7 Responses to “The Most Powerful Tip Ever to Get You Writing More?”

  1. I want you to know that I really enjoyed reading your article.

    You have highlighted the eccentric behaviour of well-known writers.

    That is what makes your article stand out from the rest out there.

    Sitting down, however, is only one way to write. There are other ways to write.

    Sometimes, writing is about discipline. At other times, you have to let divine inspiration strike you. So, it depend.

    You have control over the conscious mind, but the subconscious is another ball-game.

    Archan MehtaJune 19, 2012 at 1:17 pm

  2. I think this is a great point - the ability to sit down and work is what separates many "artists" and wanna-be writers from those who actually make a living from their work. If you want to make it as a writer, you have to be willing to put in the hours writing instead of waiting for some magic moment or bit of divine spark. Get words on paper first .. and go from there.

    Jennifer AdamsJune 19, 2012 at 4:02 pm

  3. A couple of things I noted ... one, isolation, two, water.

    I like both, although writing in the shower is tough and since I'm a fan of technology it limits me somewhat (macbook + water = shocking shower!)

    Still, I find connecting with water and getting "away from my routine" an amazing way to stimulate the creative process.

    James BurchillJune 20, 2012 at 8:03 am

  4. Hi John,

    Nice article and love the examples from famous writers.

    You (and your readers) might enjoy a book called "The Writer's Desk" by Jill Krementz. It talks about writing spaces and habits. Also Google "Daily Routines," a blob on the same.

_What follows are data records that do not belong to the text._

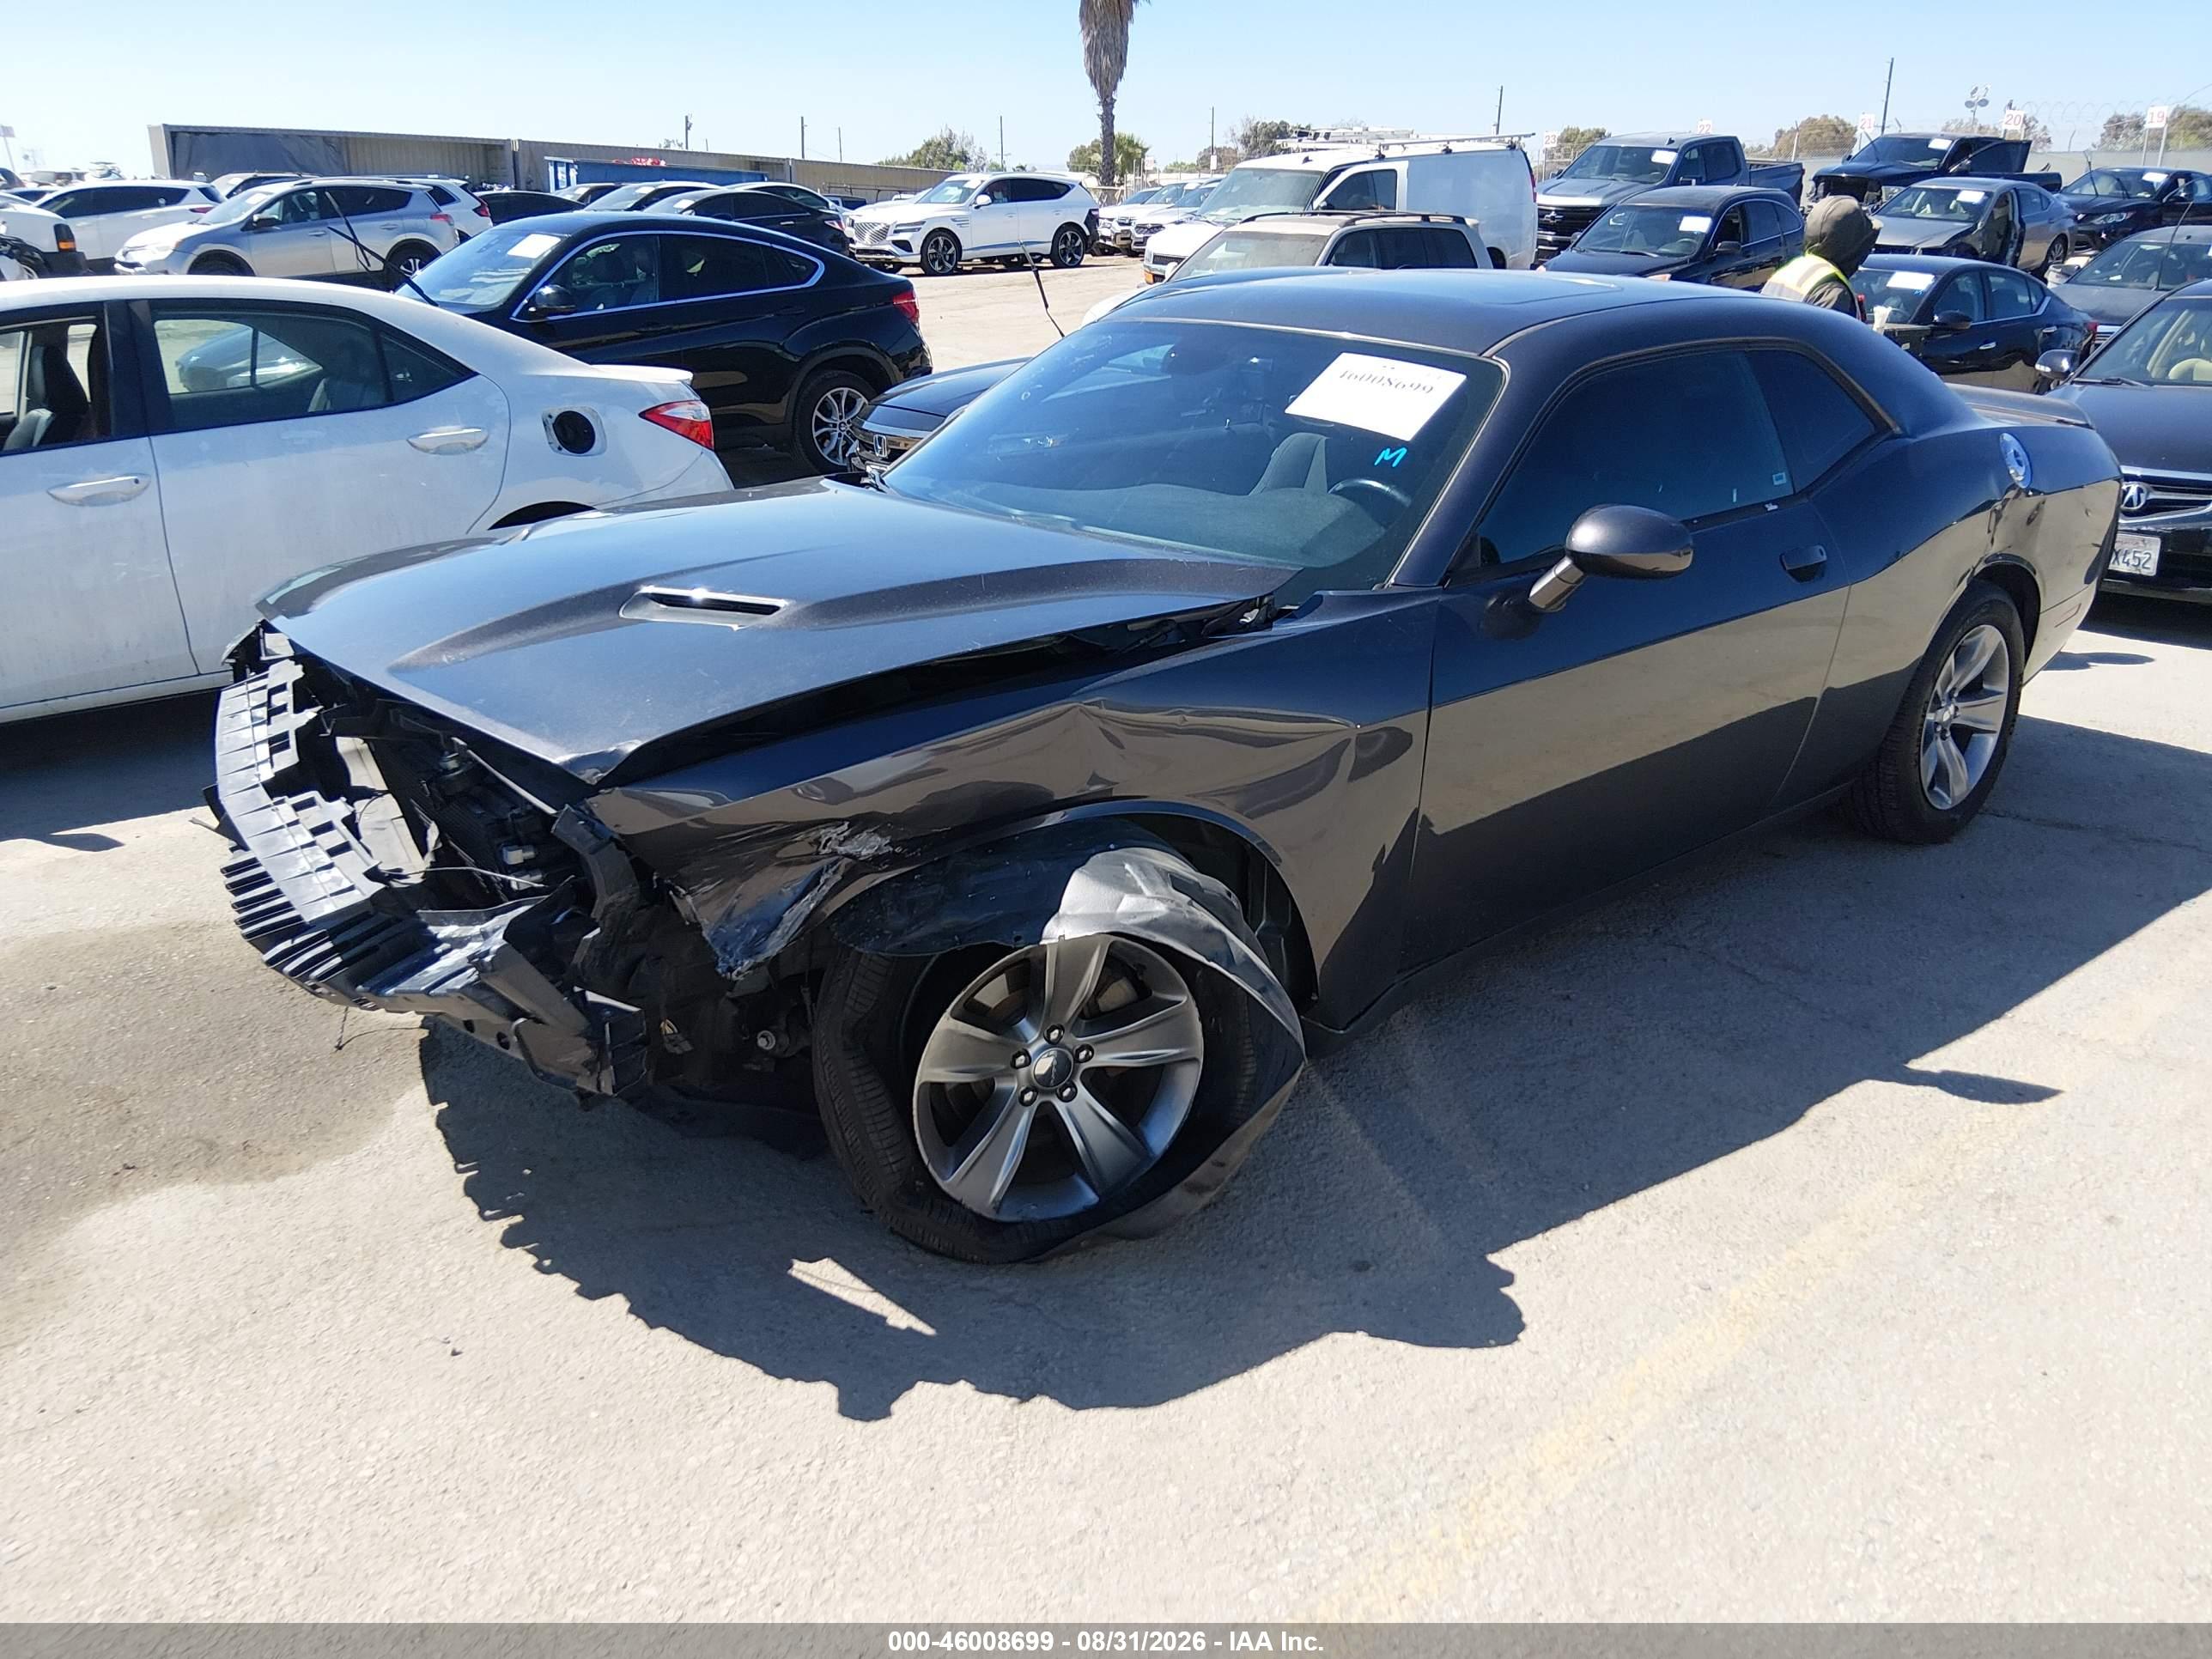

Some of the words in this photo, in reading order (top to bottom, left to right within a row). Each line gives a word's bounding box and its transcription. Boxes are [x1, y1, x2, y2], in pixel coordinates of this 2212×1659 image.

[2005, 113, 2021, 126] 20
[2148, 111, 2165, 124] 19
[1698, 124, 1711, 134] 22
[1860, 118, 1873, 130] 21
[1544, 134, 1557, 145] 23
[1374, 447, 1407, 468] M

    There are other great creativity tips (like reading more). But yours is a good one too. To add to this, try working standing up. It helps you stay focused and it's better for your health.

    John

    P.S. See you in Delray this year, yes?

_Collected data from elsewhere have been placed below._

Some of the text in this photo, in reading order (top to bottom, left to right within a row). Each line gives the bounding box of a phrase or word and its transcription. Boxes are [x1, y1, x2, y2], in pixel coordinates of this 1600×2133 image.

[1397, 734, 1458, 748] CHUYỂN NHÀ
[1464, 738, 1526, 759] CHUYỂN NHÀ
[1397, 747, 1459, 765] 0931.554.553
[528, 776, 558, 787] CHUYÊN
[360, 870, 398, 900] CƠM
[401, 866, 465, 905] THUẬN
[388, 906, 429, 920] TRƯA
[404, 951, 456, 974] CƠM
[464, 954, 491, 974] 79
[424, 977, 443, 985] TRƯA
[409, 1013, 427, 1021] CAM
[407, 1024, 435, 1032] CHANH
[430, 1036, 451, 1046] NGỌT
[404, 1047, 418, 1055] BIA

    Guest (John Forde)June 20, 2012 at 8:25 am

  5. If you are interested in how the environment effects your writing try to Google propinquity.

    Guest (Joseph Benson)June 20, 2012 at 9:48 am

  6. Thank you everyone for your comments.

    John there is a good chance you will see me in Delay this year, yes. Thanks for your comments re: the article and thanks for your excellent suggestions.

    Guest (John Wood)June 22, 2012 at 9:50 am

  7. You know, I've been writing professionally and somewhat successfully for over 50 years.
    And I've found there is no one particular solution for writer's block, at least not for me.
    However, I discovered a long time ago that getting up (off the seat)and doing something like cleaning stalls (yes, I'm a horse person), working in the yard, etc., frees up my subconcious and let's it get to work on creativity and problem solving.
    I can usually return "to my seat" within an hour or so with enthusiasm and my course set.
    I would agree that once writer's block has been removed, you've got to rely on good old fashioned discipline to get the job done.
    I've found that if I just sit down at the computer with the idea of simply giving it an hour to see how things go, I'll end up writing for a surprisingly much longer period of time.
    But different strokes for different folks.